Images of Daily Life in Morocco


New part of town
Marrakech-Gueliz

Marrakech has two basic parts: the old town, or medina, which dates back over a thousand years; and the new town, called "Gueliz" (after a small mountain at the edge of it), which was designed and built by the French as a planned city early in this century.

In this image, you are looking down the main street of Gueliz toward the minaret of the Koutoubia mosque and beyond, the High Atlas mountains. Gueliz was constructed to have its center, the traffic circle just in front of you, exactly one kilometer distant from the Koutoubia. Its streets radiate out like spokes of a wheel from traffic circels placed here and there in the midst of a geometric grid--not very differently from the radial and grid pattern of Washington, D.C.
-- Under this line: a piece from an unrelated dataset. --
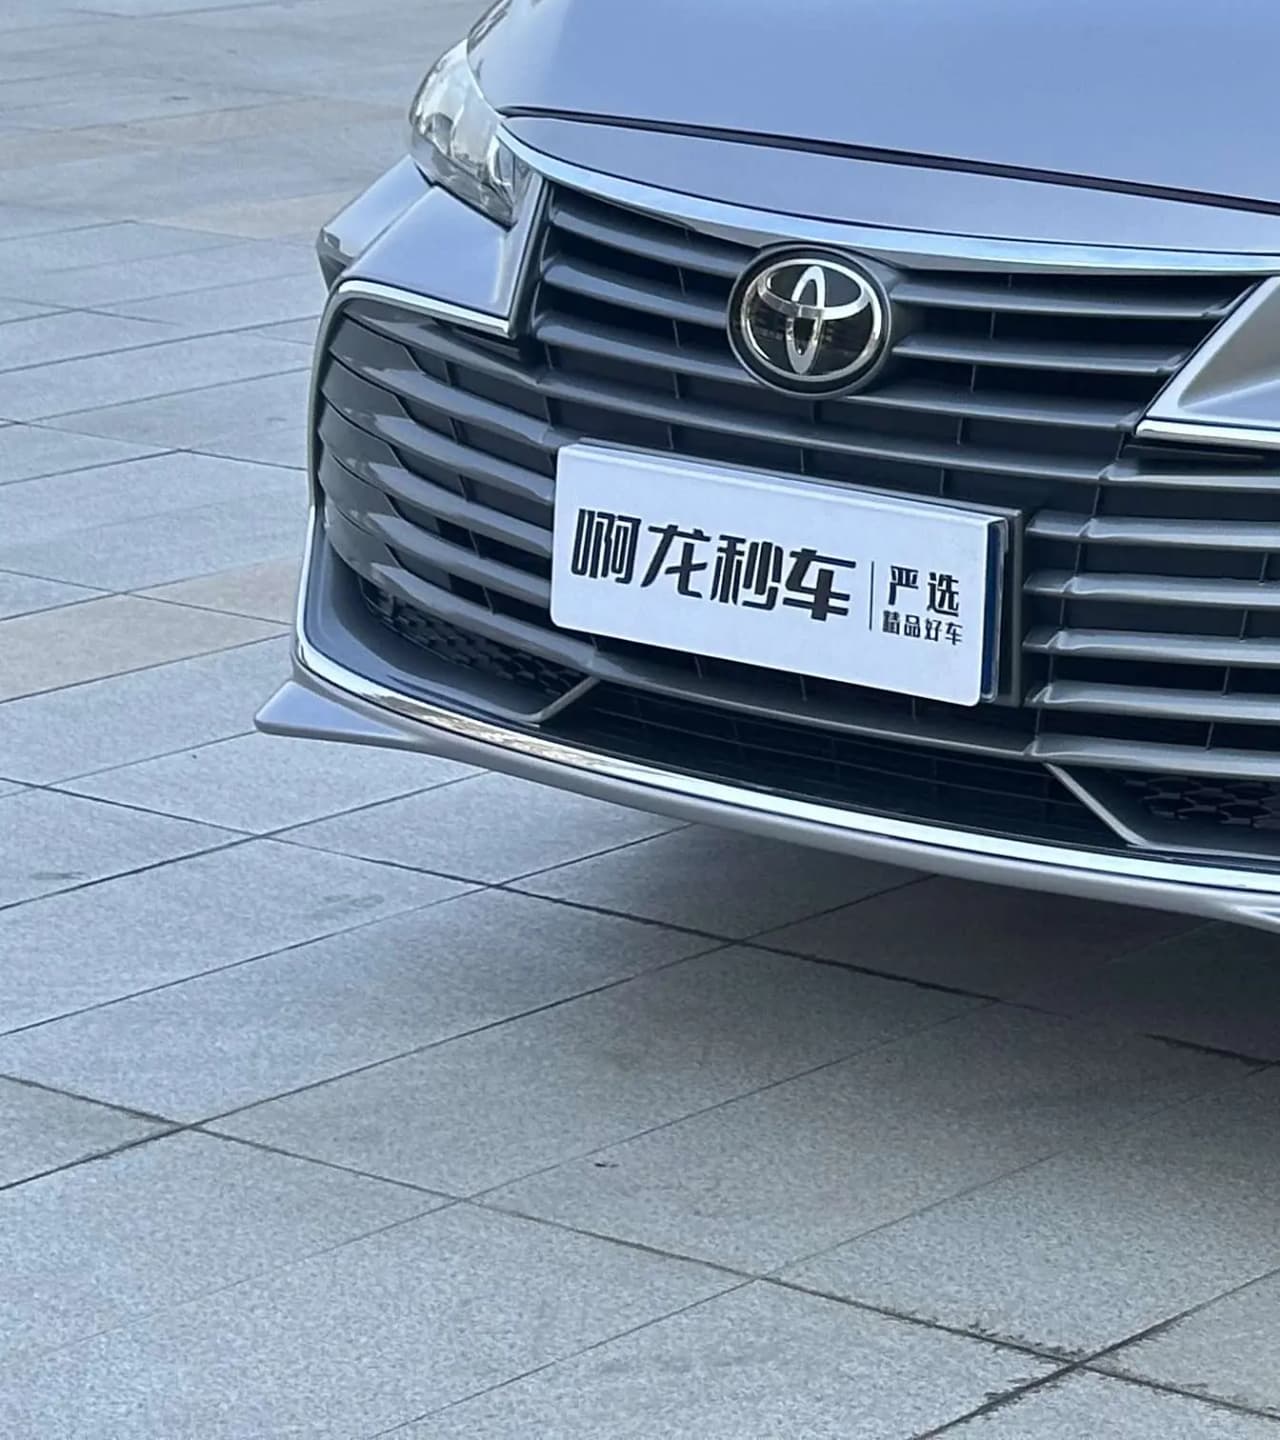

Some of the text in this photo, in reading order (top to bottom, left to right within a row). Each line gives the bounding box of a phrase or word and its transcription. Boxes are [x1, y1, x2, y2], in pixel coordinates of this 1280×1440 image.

Who designed Washington, D.C.'s street plan? Can you make a distant connection between that plan and that of Marrakech's new town?
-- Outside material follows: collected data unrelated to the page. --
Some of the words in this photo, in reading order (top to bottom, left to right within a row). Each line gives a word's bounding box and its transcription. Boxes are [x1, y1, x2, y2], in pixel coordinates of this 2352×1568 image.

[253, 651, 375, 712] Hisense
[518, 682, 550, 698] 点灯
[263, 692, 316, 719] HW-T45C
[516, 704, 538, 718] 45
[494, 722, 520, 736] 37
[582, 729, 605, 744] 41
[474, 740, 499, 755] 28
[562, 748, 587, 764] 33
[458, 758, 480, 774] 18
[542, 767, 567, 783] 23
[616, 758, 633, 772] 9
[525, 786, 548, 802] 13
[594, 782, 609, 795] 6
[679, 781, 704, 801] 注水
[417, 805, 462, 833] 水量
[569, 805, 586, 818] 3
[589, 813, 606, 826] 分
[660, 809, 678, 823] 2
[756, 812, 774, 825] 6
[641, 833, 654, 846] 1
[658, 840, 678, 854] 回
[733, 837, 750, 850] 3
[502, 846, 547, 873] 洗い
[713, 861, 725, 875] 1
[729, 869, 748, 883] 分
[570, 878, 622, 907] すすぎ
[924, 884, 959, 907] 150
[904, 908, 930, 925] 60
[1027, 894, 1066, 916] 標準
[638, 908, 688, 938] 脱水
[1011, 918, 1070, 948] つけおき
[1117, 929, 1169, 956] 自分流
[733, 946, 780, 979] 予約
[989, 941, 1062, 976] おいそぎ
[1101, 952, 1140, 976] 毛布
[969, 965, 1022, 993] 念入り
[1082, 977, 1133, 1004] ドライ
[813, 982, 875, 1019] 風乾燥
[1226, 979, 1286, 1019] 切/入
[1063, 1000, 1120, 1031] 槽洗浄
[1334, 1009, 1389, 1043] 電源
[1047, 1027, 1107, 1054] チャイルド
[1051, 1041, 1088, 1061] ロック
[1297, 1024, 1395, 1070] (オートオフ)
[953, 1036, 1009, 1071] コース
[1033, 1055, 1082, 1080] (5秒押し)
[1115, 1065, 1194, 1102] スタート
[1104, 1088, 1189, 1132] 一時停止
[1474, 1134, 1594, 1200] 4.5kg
The French, who occupied Morocco from 1912 to 1956, had a very different conception of space from the Moroccan. To them, even in the 1920s when Gueliz was getting underway, moving about in an automobile held priority. Streets needed to be wide and houses detached from each other and clearly visible from the street. In the central business district, seen here, apartment and commercial buildings six and seven stories high went up.

The two Marrakech's are spatially joined but morphologically distinct, representing strategically different conceptions of space.